YOUR TASK: From top to bottom, write out the listing exactly.

RECORDED DATA:
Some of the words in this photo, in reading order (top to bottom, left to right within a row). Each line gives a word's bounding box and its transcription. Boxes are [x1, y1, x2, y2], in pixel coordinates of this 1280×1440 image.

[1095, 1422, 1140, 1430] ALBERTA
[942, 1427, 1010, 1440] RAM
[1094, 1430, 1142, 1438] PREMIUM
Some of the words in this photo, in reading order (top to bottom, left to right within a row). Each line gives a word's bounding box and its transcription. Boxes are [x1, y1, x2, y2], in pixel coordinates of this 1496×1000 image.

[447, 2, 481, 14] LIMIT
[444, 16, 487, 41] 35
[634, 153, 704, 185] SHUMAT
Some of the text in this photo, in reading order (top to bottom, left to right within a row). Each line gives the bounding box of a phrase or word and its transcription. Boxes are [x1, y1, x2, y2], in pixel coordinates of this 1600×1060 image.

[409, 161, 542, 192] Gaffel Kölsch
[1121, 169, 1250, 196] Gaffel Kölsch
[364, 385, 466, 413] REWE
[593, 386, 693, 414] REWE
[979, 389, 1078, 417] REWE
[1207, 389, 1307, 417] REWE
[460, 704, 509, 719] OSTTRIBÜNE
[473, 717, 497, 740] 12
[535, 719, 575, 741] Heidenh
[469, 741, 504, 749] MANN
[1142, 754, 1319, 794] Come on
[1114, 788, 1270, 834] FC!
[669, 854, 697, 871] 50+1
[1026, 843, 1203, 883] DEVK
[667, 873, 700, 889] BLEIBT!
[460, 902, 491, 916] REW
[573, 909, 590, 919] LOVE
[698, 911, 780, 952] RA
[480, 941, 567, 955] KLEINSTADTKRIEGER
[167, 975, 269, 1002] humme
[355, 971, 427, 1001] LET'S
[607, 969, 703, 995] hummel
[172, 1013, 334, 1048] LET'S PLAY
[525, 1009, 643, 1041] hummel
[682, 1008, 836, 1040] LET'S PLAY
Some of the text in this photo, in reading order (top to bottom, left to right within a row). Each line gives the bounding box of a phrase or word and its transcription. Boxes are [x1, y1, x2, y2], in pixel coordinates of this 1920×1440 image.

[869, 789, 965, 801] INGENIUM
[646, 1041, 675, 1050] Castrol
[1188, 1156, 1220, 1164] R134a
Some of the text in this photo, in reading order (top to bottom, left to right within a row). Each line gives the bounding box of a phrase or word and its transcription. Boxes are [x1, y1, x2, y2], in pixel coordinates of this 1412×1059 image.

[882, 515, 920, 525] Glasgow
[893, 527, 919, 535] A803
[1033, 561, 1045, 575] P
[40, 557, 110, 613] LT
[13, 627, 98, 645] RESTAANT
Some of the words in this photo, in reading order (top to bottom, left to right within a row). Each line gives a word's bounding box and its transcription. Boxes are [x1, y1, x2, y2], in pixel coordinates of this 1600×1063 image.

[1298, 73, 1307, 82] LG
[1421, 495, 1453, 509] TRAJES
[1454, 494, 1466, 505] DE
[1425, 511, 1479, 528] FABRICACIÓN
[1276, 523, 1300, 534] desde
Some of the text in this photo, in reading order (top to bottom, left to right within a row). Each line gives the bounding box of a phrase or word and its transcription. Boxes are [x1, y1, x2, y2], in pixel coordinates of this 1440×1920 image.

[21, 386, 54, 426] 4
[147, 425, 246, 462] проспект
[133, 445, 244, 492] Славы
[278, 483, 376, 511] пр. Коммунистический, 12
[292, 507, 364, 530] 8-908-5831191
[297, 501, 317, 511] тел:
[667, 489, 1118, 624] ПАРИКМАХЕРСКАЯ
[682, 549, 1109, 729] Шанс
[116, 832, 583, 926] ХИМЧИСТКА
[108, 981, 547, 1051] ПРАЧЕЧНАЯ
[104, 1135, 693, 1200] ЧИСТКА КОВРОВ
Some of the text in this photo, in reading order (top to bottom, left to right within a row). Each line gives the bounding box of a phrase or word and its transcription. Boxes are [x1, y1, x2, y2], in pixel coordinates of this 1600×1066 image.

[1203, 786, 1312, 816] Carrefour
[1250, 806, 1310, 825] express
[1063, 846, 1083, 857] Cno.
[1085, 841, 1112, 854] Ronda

SOLUTION TO THIS TASK:
Some of the words in this photo, in reading order (top to bottom, left to right within a row). Each line gives a word's bounding box and its transcription. Boxes are [x1, y1, x2, y2], in pixel coordinates of this 1280×1440 image.

[1095, 1422, 1140, 1430] ALBERTA
[942, 1427, 1010, 1440] RAM
[1094, 1430, 1142, 1438] PREMIUM
Some of the words in this photo, in reading order (top to bottom, left to right within a row). Each line gives a word's bounding box and its transcription. Boxes are [x1, y1, x2, y2], in pixel coordinates of this 1496×1000 image.

[447, 2, 481, 14] LIMIT
[444, 16, 487, 41] 35
[634, 153, 704, 185] SHUMAT
Some of the text in this photo, in reading order (top to bottom, left to right within a row). Each line gives the bounding box of a phrase or word and its transcription. Boxes are [x1, y1, x2, y2], in pixel coordinates of this 1600×1060 image.

[409, 161, 542, 192] Gaffel Kölsch
[1121, 169, 1250, 196] Gaffel Kölsch
[364, 385, 466, 413] REWE
[593, 386, 693, 414] REWE
[979, 389, 1078, 417] REWE
[1207, 389, 1307, 417] REWE
[460, 704, 509, 719] OSTTRIBÜNE
[473, 717, 497, 740] 12
[535, 719, 575, 741] Heidenh
[469, 741, 504, 749] MANN
[1142, 754, 1319, 794] Come on
[1114, 788, 1270, 834] FC!
[669, 854, 697, 871] 50+1
[1026, 843, 1203, 883] DEVK
[667, 873, 700, 889] BLEIBT!
[460, 902, 491, 916] REW
[573, 909, 590, 919] LOVE
[698, 911, 780, 952] RA
[480, 941, 567, 955] KLEINSTADTKRIEGER
[167, 975, 269, 1002] humme
[355, 971, 427, 1001] LET'S
[607, 969, 703, 995] hummel
[172, 1013, 334, 1048] LET'S PLAY
[525, 1009, 643, 1041] hummel
[682, 1008, 836, 1040] LET'S PLAY
Some of the text in this photo, in reading order (top to bottom, left to right within a row). Each line gives the bounding box of a phrase or word and its transcription. Boxes are [x1, y1, x2, y2], in pixel coordinates of this 1920×1440 image.

[869, 789, 965, 801] INGENIUM
[646, 1041, 675, 1050] Castrol
[1188, 1156, 1220, 1164] R134a
Some of the text in this photo, in reading order (top to bottom, left to right within a row). Each line gives the bounding box of a phrase or word and its transcription. Boxes are [x1, y1, x2, y2], in pixel coordinates of this 1412×1059 image.

[882, 515, 920, 525] Glasgow
[893, 527, 919, 535] A803
[1033, 561, 1045, 575] P
[40, 557, 110, 613] LT
[13, 627, 98, 645] RESTAANT
Some of the words in this photo, in reading order (top to bottom, left to right within a row). Each line gives a word's bounding box and its transcription. Boxes are [x1, y1, x2, y2], in pixel coordinates of this 1600×1063 image.

[1298, 73, 1307, 82] LG
[1421, 495, 1453, 509] TRAJES
[1454, 494, 1466, 505] DE
[1425, 511, 1479, 528] FABRICACIÓN
[1276, 523, 1300, 534] desde
Some of the text in this photo, in reading order (top to bottom, left to right within a row). Each line gives the bounding box of a phrase or word and its transcription. Boxes are [x1, y1, x2, y2], in pixel coordinates of this 1440×1920 image.

[21, 386, 54, 426] 4
[147, 425, 246, 462] проспект
[133, 445, 244, 492] Славы
[278, 483, 376, 511] пр. Коммунистический, 12
[292, 507, 364, 530] 8-908-5831191
[297, 501, 317, 511] тел:
[667, 489, 1118, 624] ПАРИКМАХЕРСКАЯ
[682, 549, 1109, 729] Шанс
[116, 832, 583, 926] ХИМЧИСТКА
[108, 981, 547, 1051] ПРАЧЕЧНАЯ
[104, 1135, 693, 1200] ЧИСТКА КОВРОВ
Some of the text in this photo, in reading order (top to bottom, left to right within a row). Each line gives the bounding box of a phrase or word and its transcription. Boxes are [x1, y1, x2, y2], in pixel coordinates of this 1600×1066 image.

[1203, 786, 1312, 816] Carrefour
[1250, 806, 1310, 825] express
[1063, 846, 1083, 857] Cno.
[1085, 841, 1112, 854] Ronda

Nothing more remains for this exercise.